11th President of the Federal Reserve Bank of Minneapolis
- In office March 16, 1985 – September 1, 2009
- Preceded by: E. Gerald Corrigan
- Succeeded by: Narayana Kocherlakota

Personal details
- Born: November 3, 1944 (age 81) San Luis Obispo, California, U.S.
- Education: Washington University (BA) Rice University (MA, PhD)

= Gary H. Stern =

American economist

Gary Hilton Stern (born November 3, 1944) is an American economist and banker. On March 16, 1985, he took office as the eleventh chief executive of the Federal Reserve Bank of Minneapolis, and retired from the position on September 1, 2009.

==Life and career==
Stern was born in San Luis Obispo, California. He holds an A.B. in economics from Washington University in St. Louis, and a Ph.D. in economics from Rice University, Houston.

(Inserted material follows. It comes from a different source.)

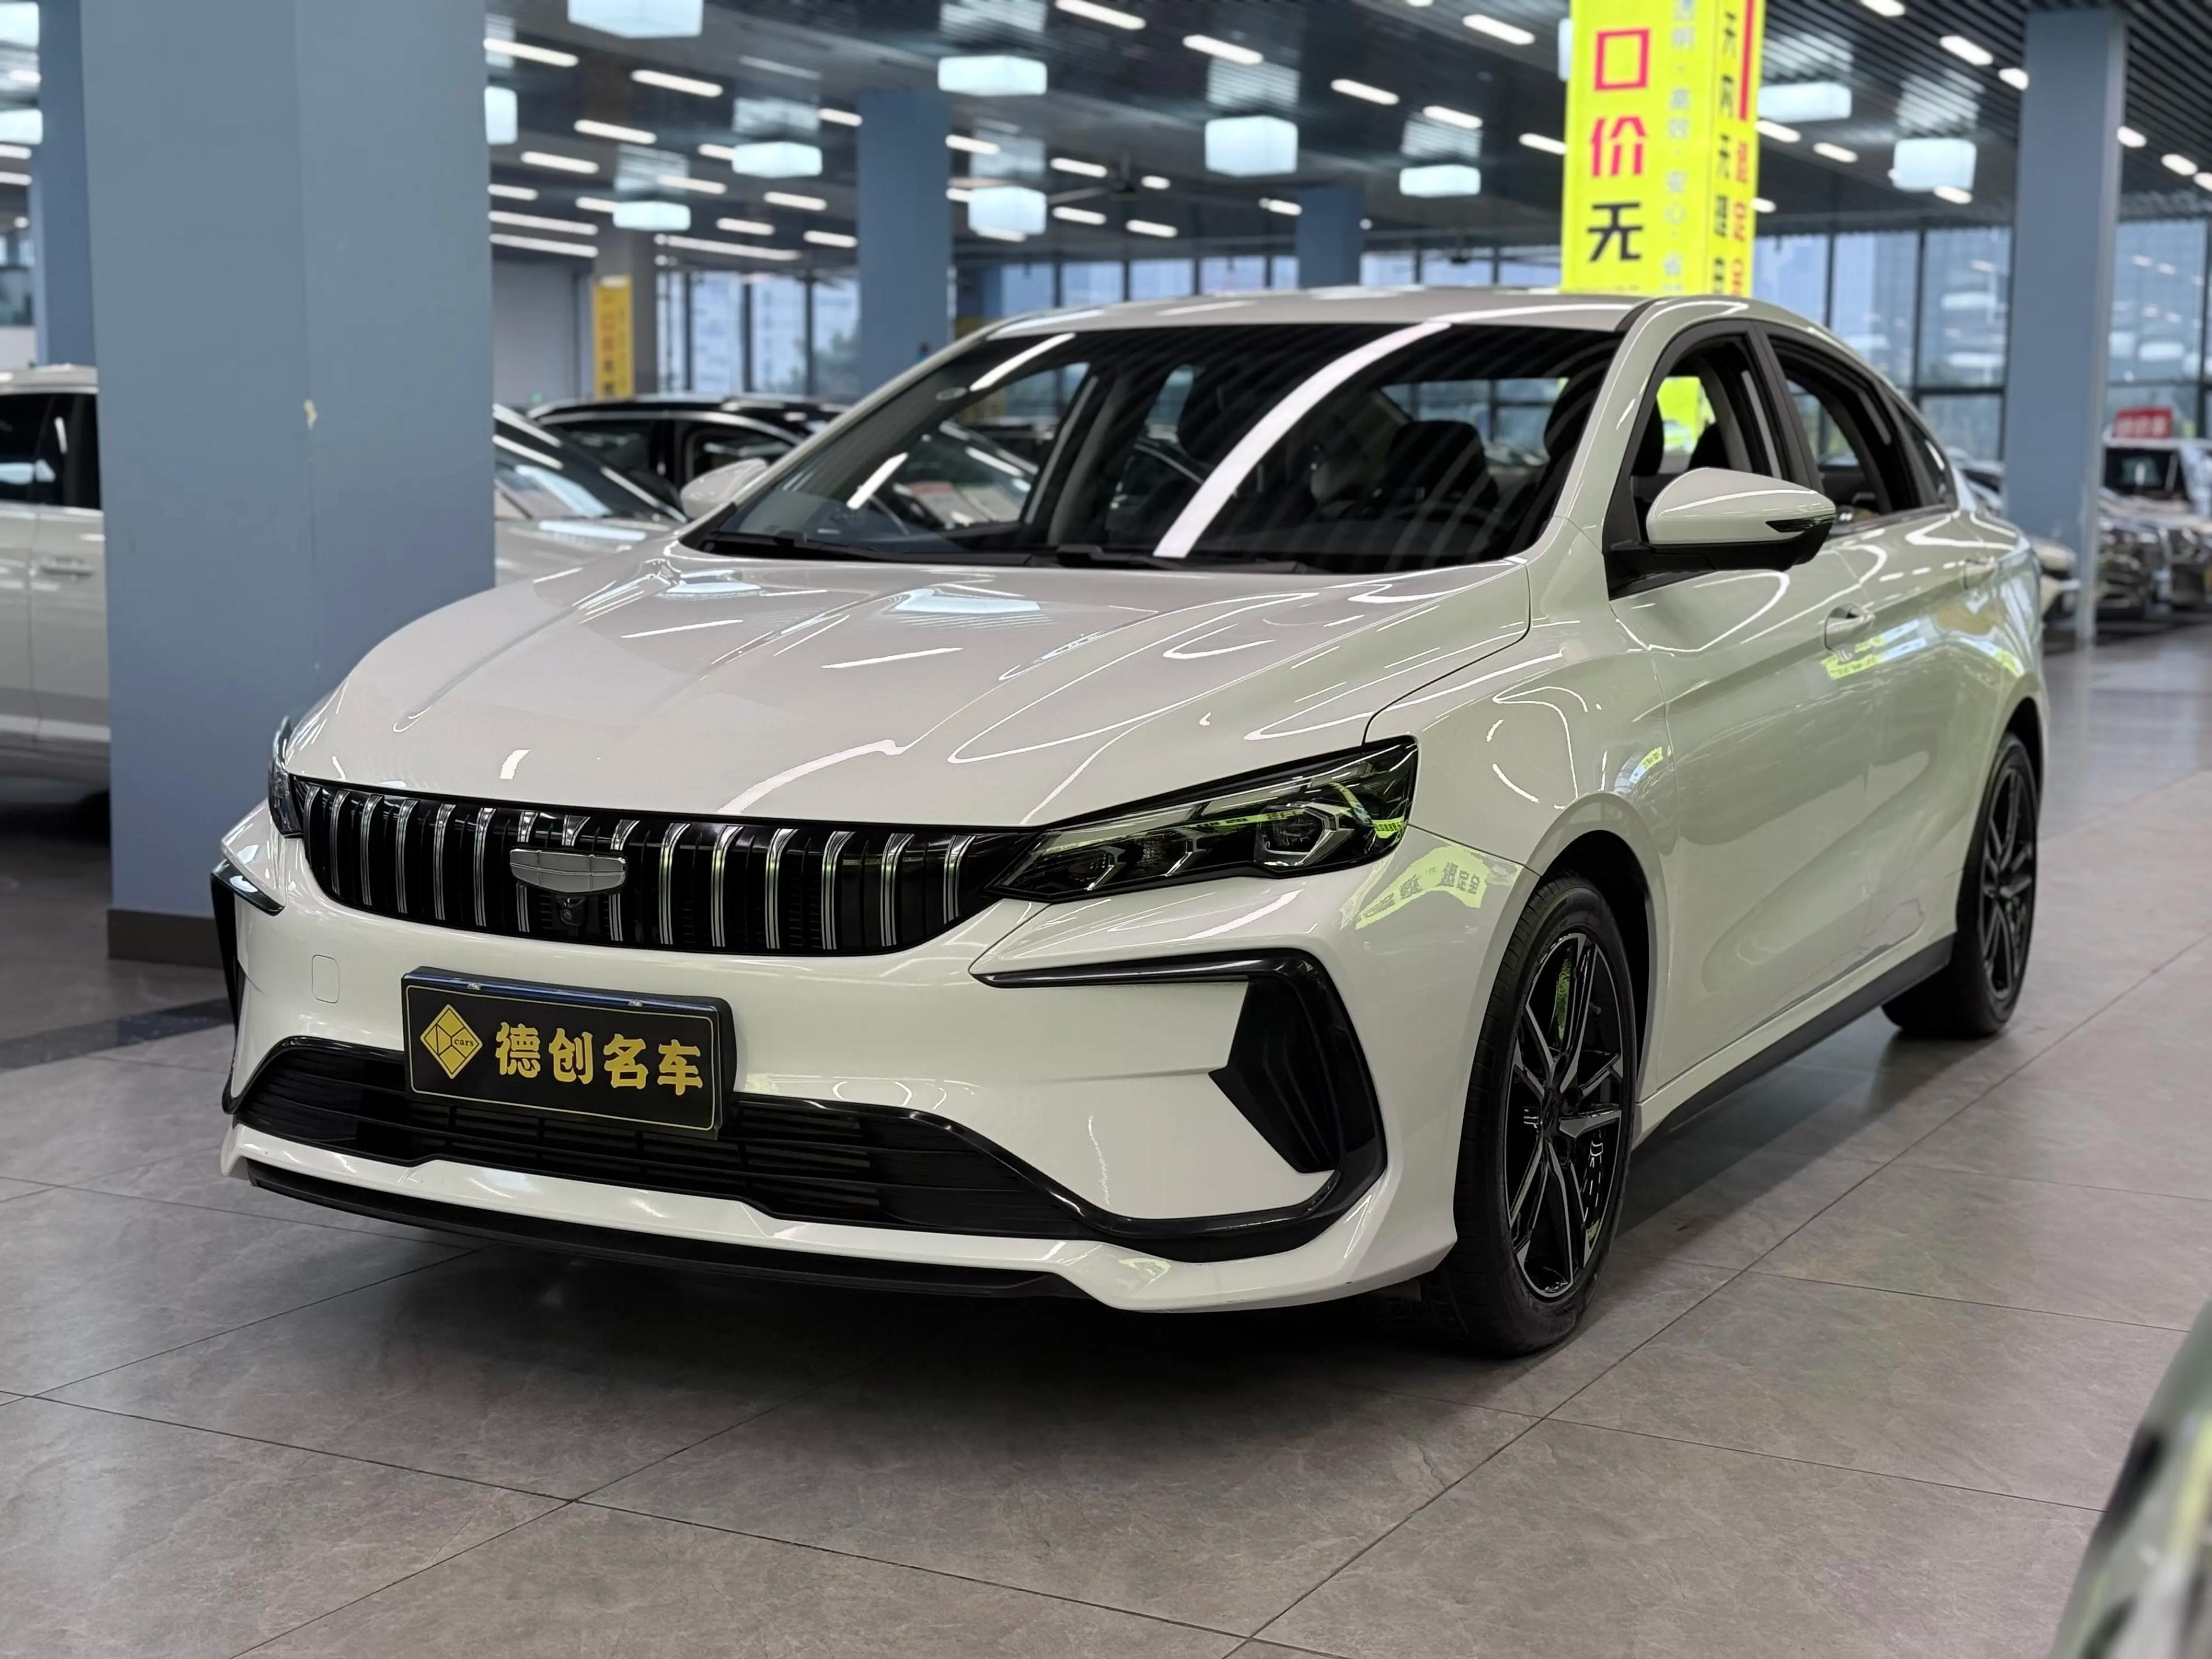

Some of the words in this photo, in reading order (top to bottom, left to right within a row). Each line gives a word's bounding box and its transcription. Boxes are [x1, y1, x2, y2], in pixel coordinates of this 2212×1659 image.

Stern joined the Federal Reserve Bank of Minneapolis in January 1982 as senior vice president and director of research. In August 1983, he was given the additional responsibility of serving as the Bank's chief financial officer. Before joining the Minneapolis Bank, Stern was a partner in a New York-based economic consulting firm. He has also served on the faculties of Columbia University, Washington University, and New York University. Stern's previous experience includes seven years at the Federal Reserve Bank of New York, where his last assignment was as manager of the domestic research department.

Stern is chairman of the board of directors of the National Council on Economic Education and of the Northwest Area Foundation, and he serves on the board of trustees of Hamline University and of the Minneapolis College of Art and Design. He also serves on the board of the Carlson School of Management at the University of Minnesota, and he is the treasurer of the Minneapolis Club.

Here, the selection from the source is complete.